**Data records**:

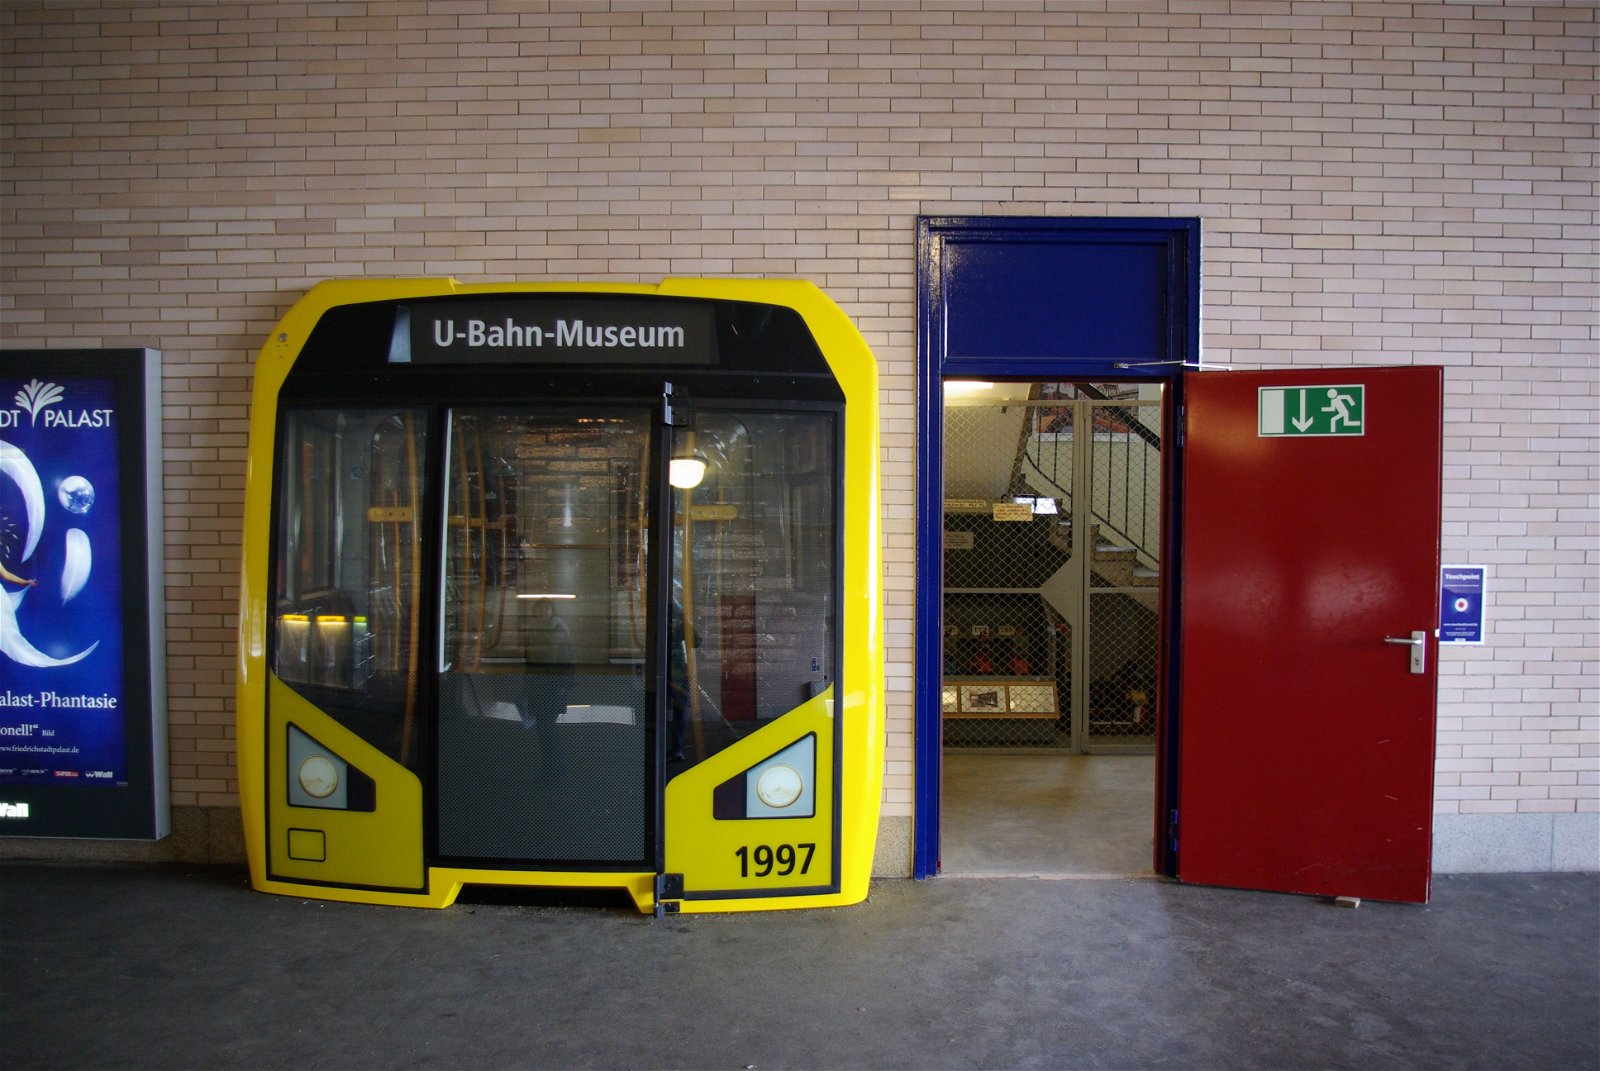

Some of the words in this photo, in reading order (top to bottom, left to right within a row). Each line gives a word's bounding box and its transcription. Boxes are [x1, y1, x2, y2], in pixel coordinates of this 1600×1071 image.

[434, 317, 685, 348] U-Bahn-Museum
[45, 409, 113, 427] PALAST
[42, 729, 55, 737] Bild
[735, 843, 816, 878] 1997

**Directions**:
Leave the pictures out and print every record exactly.

**Response to the task**:
Some of the words in this photo, in reading order (top to bottom, left to right within a row). Each line gives a word's bounding box and its transcription. Boxes are [x1, y1, x2, y2], in pixel coordinates of this 1600×1071 image.

[434, 317, 685, 348] U-Bahn-Museum
[45, 409, 113, 427] PALAST
[42, 729, 55, 737] Bild
[735, 843, 816, 878] 1997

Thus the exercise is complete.